Almost every British schoolchild is taught that Henry VIII, the swaggering Tudor king driven by lust and his quest for an heir, broke away from the Roman Catholic church in 1534 after the pope refused to annul his marriage to Catherine of Aragon.
Henry created the Church of England, appointed himself its supreme governor, divorced Catherine and married Anne Boleyn (who lasted just three years before she was beheaded for treason).
Henry did not stop there. He declared war on Catholicism, ordering monasteries to be destroyed, land and valuables seized, libraries and manuscripts burned, and priests, monks and abbots executed.
For hundreds of years, Catholics in England and Scotland were banned from openly worshipping. Even until the 1950s, mixed marriages between Catholics and Anglicans were frowned upon.
Now, almost 500 years after Henry’s momentous breakaway, his successor, King Charles III, has prayed with Pope Leo XIV beneath the sublime frescoes of the Sistine Chapel in an act of rapprochement between the Roman Catholic church and the Church of England.
“The age of mutual suspicion really is now over,” Jamie Hawkey, a canon-theologian at Westminster Abbey, told a briefing hosted by the Religion Media Centre.

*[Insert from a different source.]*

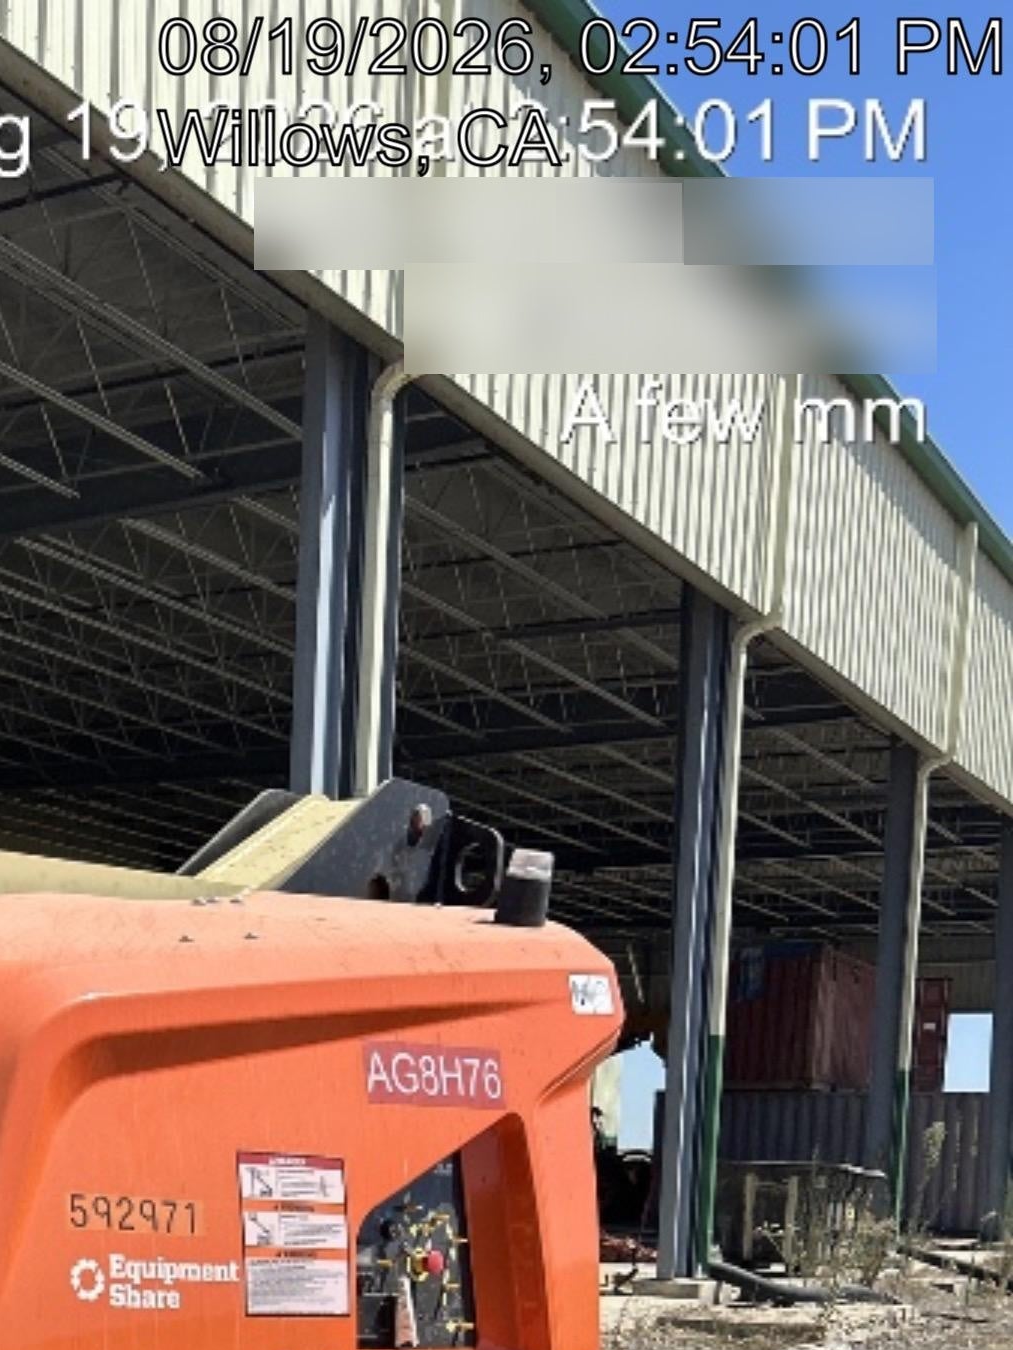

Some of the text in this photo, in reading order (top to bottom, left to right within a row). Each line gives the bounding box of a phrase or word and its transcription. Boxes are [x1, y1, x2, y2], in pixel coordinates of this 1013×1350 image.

“Seventy years ago, it was not possible for Catholics and Anglicans to go into one another’s churches without causing great offence. This is a moment where history can be seen to be healed.”
Turmoil, violence and antagonism characterised relations between Catholics and Anglicans for centuries. Queen Elizabeth I was declared a heretic and excommunicated by Pope Pius V in 1570.

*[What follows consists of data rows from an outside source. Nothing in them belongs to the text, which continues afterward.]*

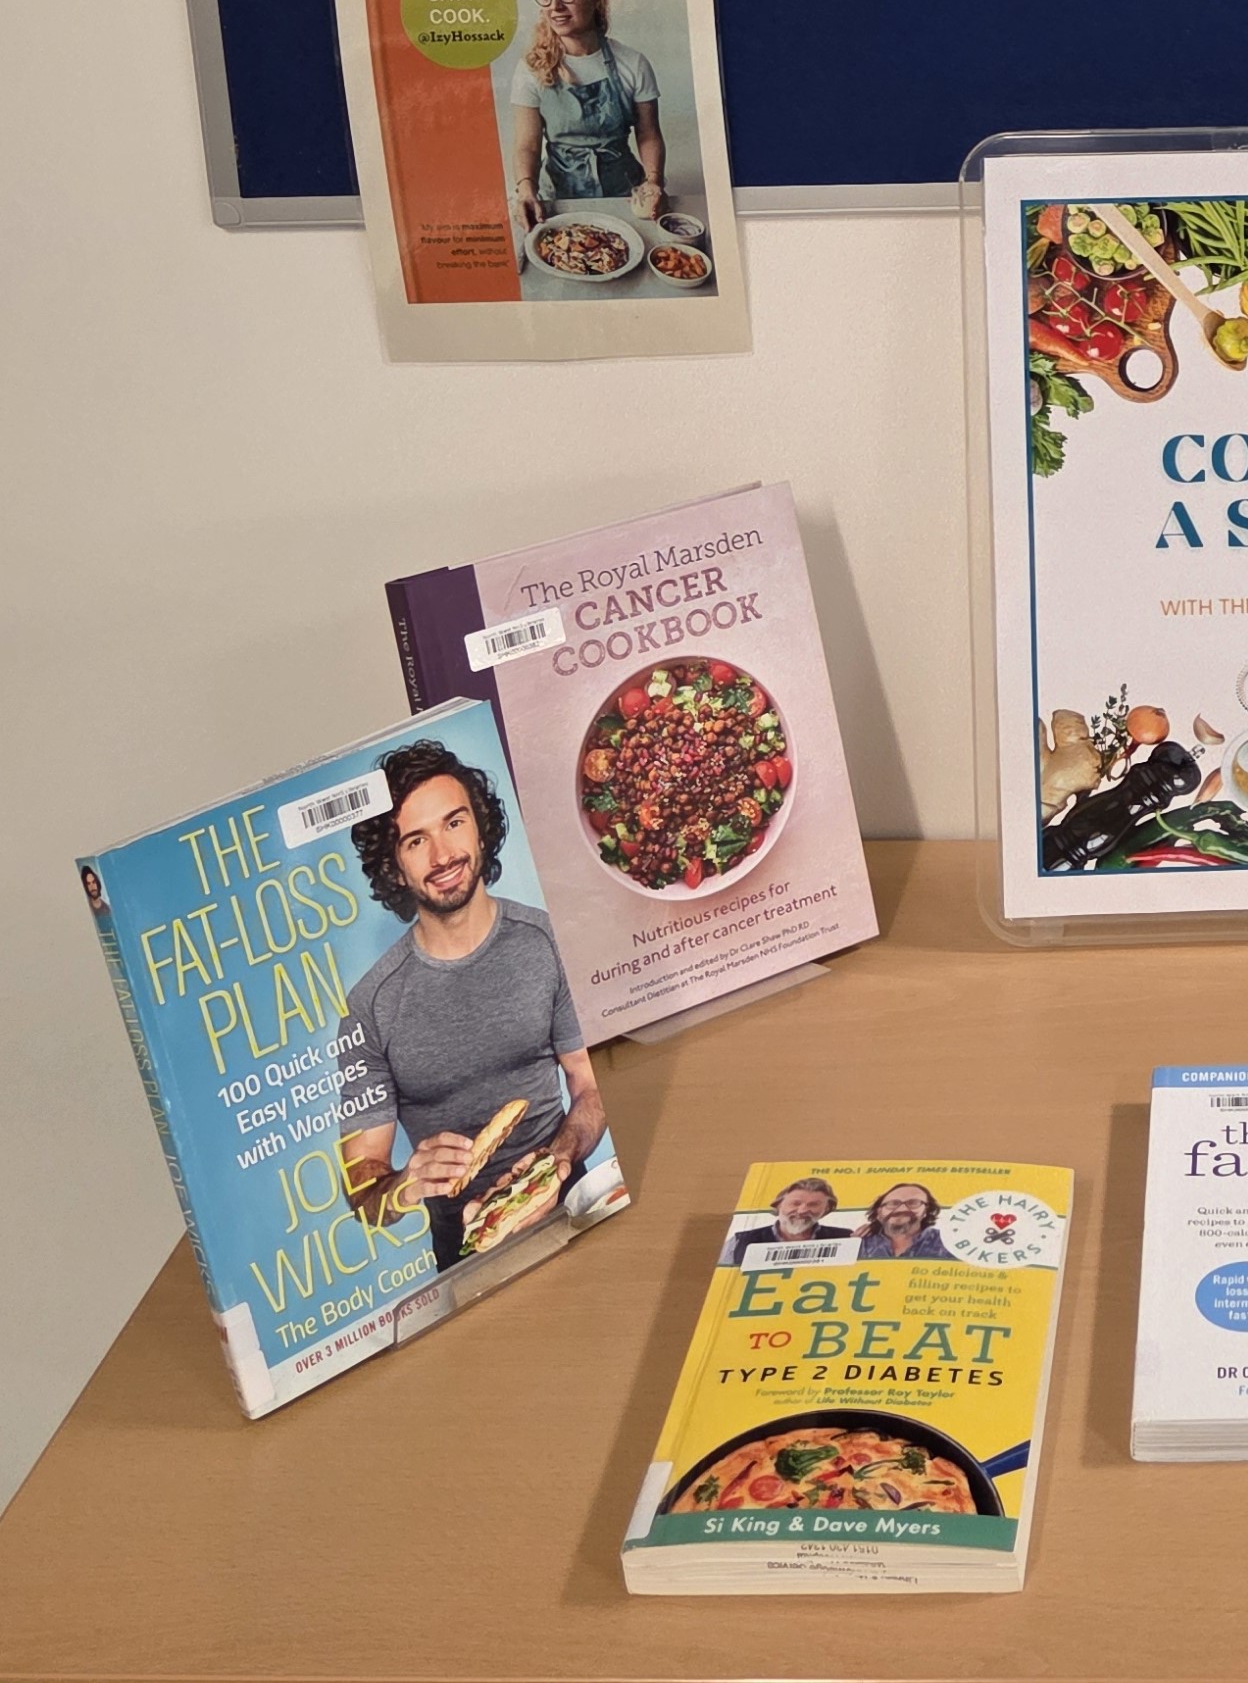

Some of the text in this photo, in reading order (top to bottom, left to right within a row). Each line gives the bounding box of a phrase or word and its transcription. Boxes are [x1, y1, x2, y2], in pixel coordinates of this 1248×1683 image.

[418, 30, 505, 45] @IzyHossack
[430, 8, 491, 25] COOK.
[1155, 501, 1204, 550] A
[521, 527, 763, 608] The Royal Marsden
[573, 567, 727, 632] CANCER
[551, 593, 763, 677] COOKBOOK
[1160, 599, 1213, 616] WITH
[179, 805, 281, 895] THE
[141, 851, 358, 1006] FAT-LOSS
[632, 881, 790, 947] Nutritious recipes for
[199, 943, 351, 1075] PLAN
[217, 1024, 366, 1109] 100 Quick and
[236, 1059, 369, 1135] Easy Recipes
[236, 1083, 388, 1170] with Workouts
[277, 1130, 378, 1234] JOE
[250, 1180, 432, 1315] WICKS
[275, 1249, 438, 1350] The Body Coach
[729, 1268, 880, 1318] Eat
[718, 1365, 1004, 1386] TYPE 2 DIABETES
[749, 1321, 1011, 1364] TO BEAT
[704, 1516, 941, 1539] Si King & Dave Myers

In 1605, a plot by Catholic conspirators including Guy Fawkes to blow up the Houses of Parliament with the Protestant King James I inside was thwarted.
The 1701 Act of Settlement confirmed a ban on a Catholic or anyone married to a Catholic succeeding to the throne.
But since the middle of the last century, relations between the C of E and the Roman Catholic church have thawed, with regular visits to Rome by senior royals and archbishops of Canterbury.
In 2013, the Succession to the Crown Act relaxed restrictions on royal heirs marrying Roman Catholics, although the monarch must still be an Anglican.
Earlier this year, King Charles and Queen Camilla made a private visit to Pope Francis days before his death. And in September, the king became the first monarch in 500 years to publicly attend a Catholic mass when he attended the funeral of the Duchess of Kent, a convert to Catholicism.
The past 60 years had seen an “extraordinary rediscovery of our common roots”, said Hawkey, while acknowledging that significant disagreements remained.
Catherine Pepinster, the author of The Keys and the Kingdom: The British and the Papacy, told the RMC briefing: “This country has a long history of difficulties with Rome, of tensions ever since the Reformation …
“We’ve come a very long way … but until now we haven’t seen the supreme head of the Church of England – that is, the monarch – kneeling in prayer with the leader of the world’s 1.3 billion Catholics.”